Personal information
- Born: c.1898 Akron, Ohio, U.S.
- Died: January 16, 1974 Long Beach, California, U.S.

Career information
- College: None

Career history

Playing
- 1916–1918: Akron Burkhardts

Coaching
- 1917–1918: Akron Burkhardts

Awards and highlights
- World Boxing Hall of Fame;

= Suey Welch =

American manager (born 1898)

Stephen H. "Suey" Welch (born 1898 or 1899 – January 16, 1974) was an Akron, Ohio-based manager who handled boxers from the 1920s through the 1970s. He specialized in bringing fighters from Ohio to Southern California, where many of them went on to become main event fighters. Most notably, he managed Middleweight Champion Gorilla Jones. One of the last fighters he brought to Southern California in the 1970s was Gil King of Akron. He purportedly got his name of Suey, while catching rides on a Chinese laundryman's truck as a child.

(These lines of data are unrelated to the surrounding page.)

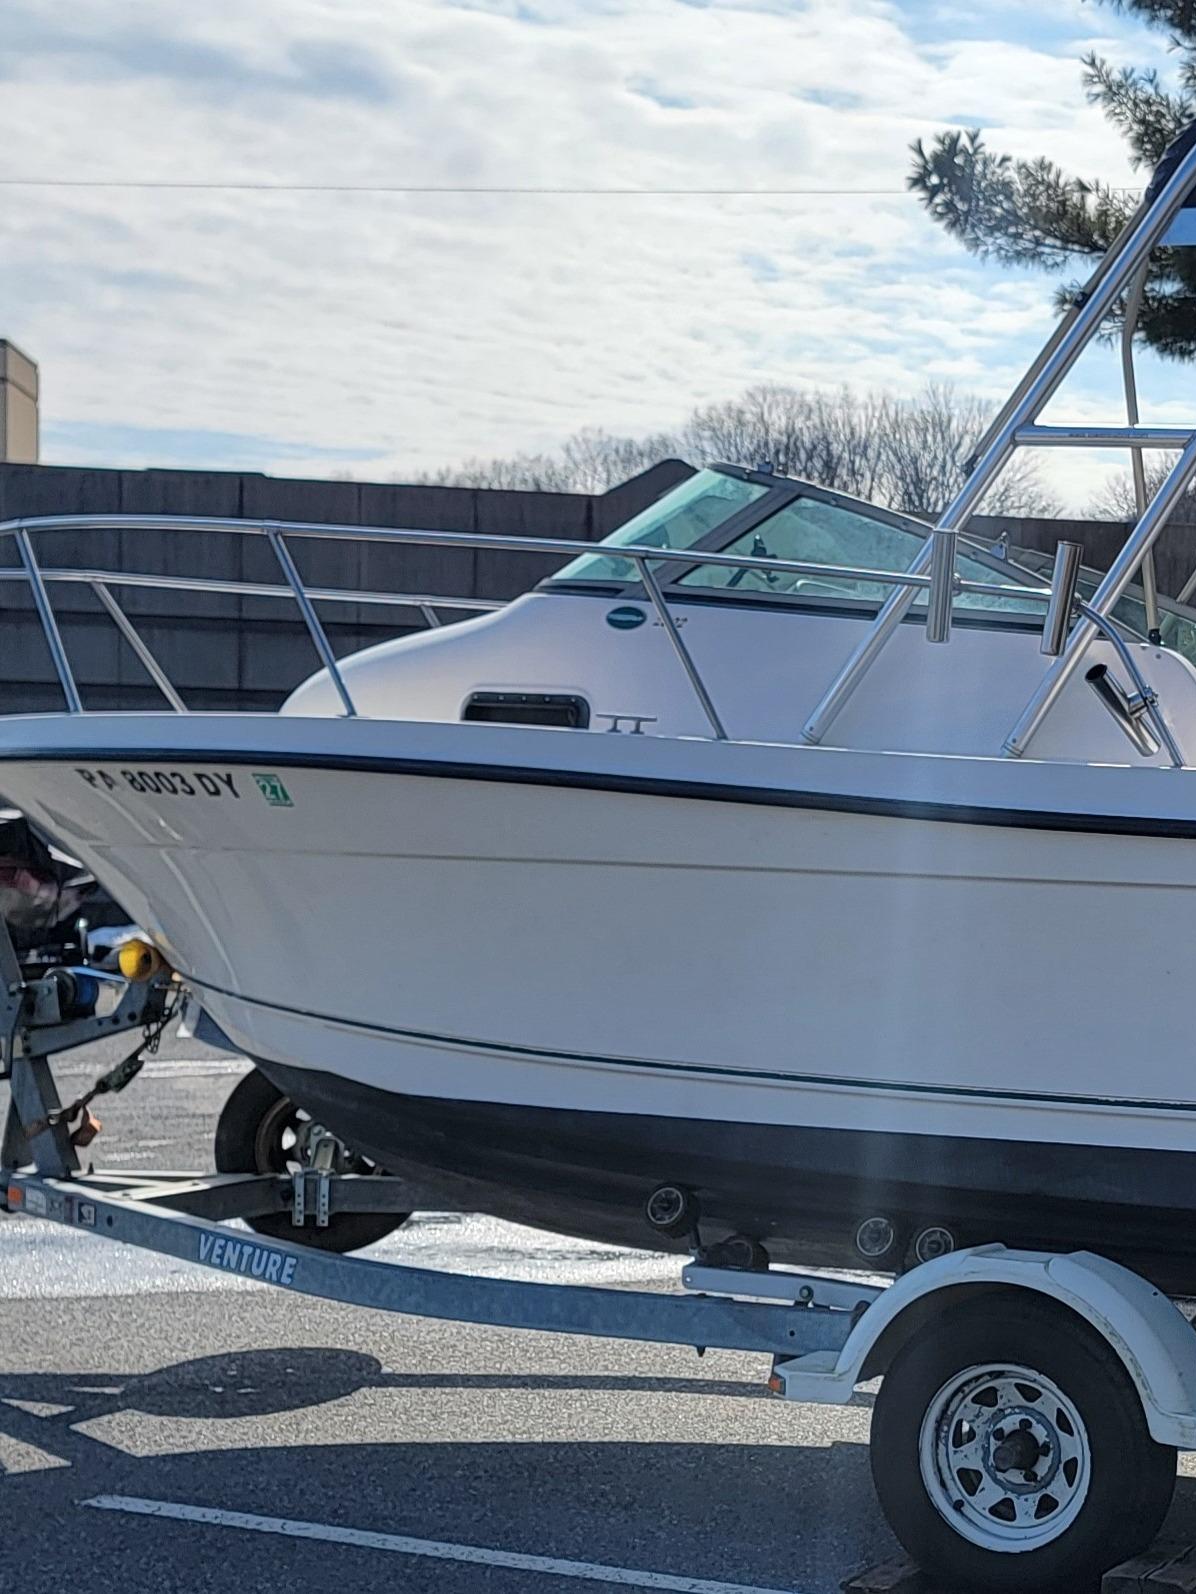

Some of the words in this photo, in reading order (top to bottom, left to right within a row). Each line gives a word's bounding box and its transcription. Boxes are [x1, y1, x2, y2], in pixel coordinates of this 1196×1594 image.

[121, 770, 195, 796] 8003
[193, 773, 240, 798] DY
[257, 780, 286, 801] 27
[200, 1233, 297, 1284] VENTURE
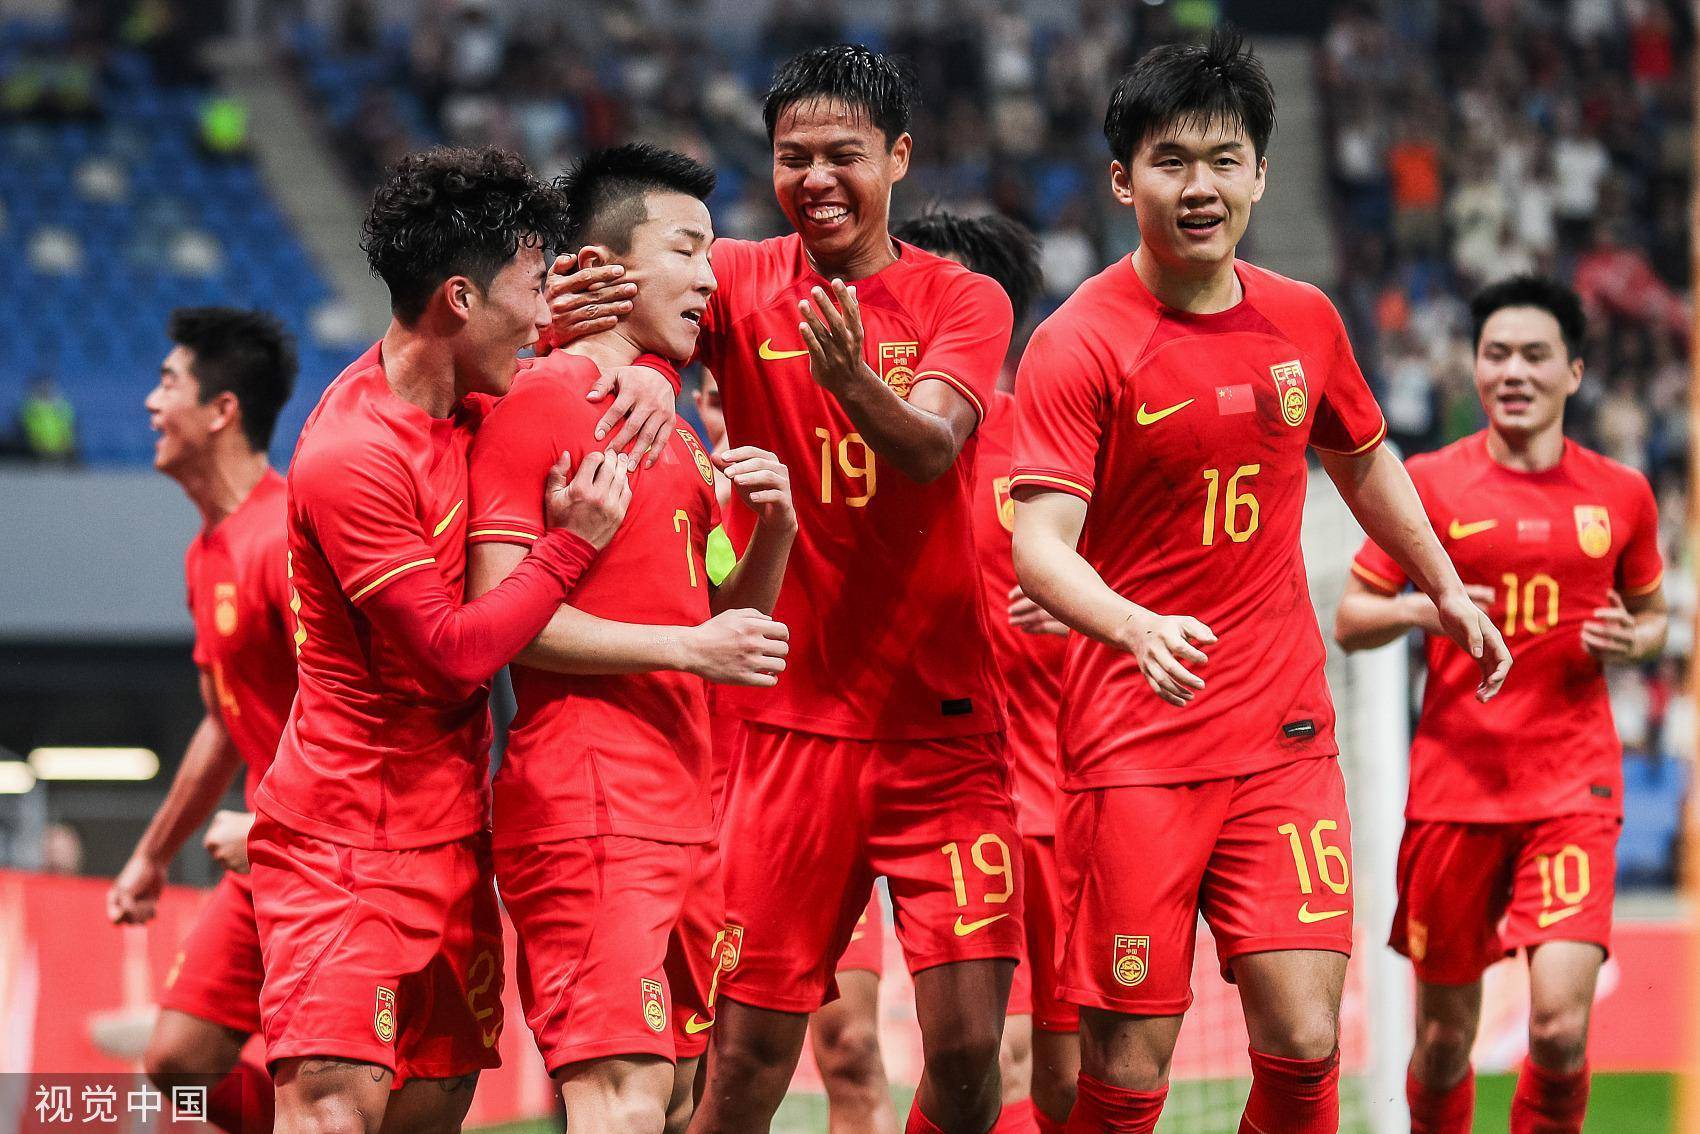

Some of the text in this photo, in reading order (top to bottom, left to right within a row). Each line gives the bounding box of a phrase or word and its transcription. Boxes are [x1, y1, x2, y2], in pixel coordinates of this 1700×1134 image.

[882, 346, 917, 358] CFA
[1274, 366, 1303, 381] CFA
[815, 426, 877, 508] 19
[1202, 463, 1261, 546] 16
[672, 509, 697, 588] 7
[1502, 572, 1559, 637] 10
[941, 833, 1014, 907] 19
[1278, 819, 1350, 895] 16
[1536, 844, 1590, 906] 10
[1117, 938, 1147, 949] CFA

==Work at the Olympic Auditorium==
Welch was named the matchmaker at the Olympic Auditorium on March 16, 1937, after previous matchmaker Joe Waterman was fired (Waterman's claim) or resigned (Olympic's claim) from his position. Welch made his debut on March 23, 1937, with a main event between Baby Arizmendi and Wally Hally. In January 1938, Welch was made the supervisor of all of Olympic manager Harry Popkin's boxing operations in Los Angeles and San Francisco. Waterman was then reinstated as matchmaker at the Olympic, though Welch would still assist him in making matches. Welch left his position at the Olympic in April 1939, amidst allegations that Lou and Jack Daro managers of the Olympic and powerful figures in the wrestling game, were paying sportswriters and local politicians. Welch was subsequently cited for tax evasion by the State of California in 1937 and 1938, during which time he was paid $19,000, while claiming a salary of $100 per week. The state also invested claims of fixed boxing matches, which included the Chuck Crowell and Al (Big Boy) Bray bout.

==Akron Indians==
For a few years, Suey played alongside his brothers Chang and Howe for the Akron Indians of the "Ohio League" from around 1916 until 1918. The Indians were reestablished in 1916 and temporarily called the Akron Burkhardts, after a local brewer. In 1921, Welch bought the "Akron Indians" name and fielded his own independent team.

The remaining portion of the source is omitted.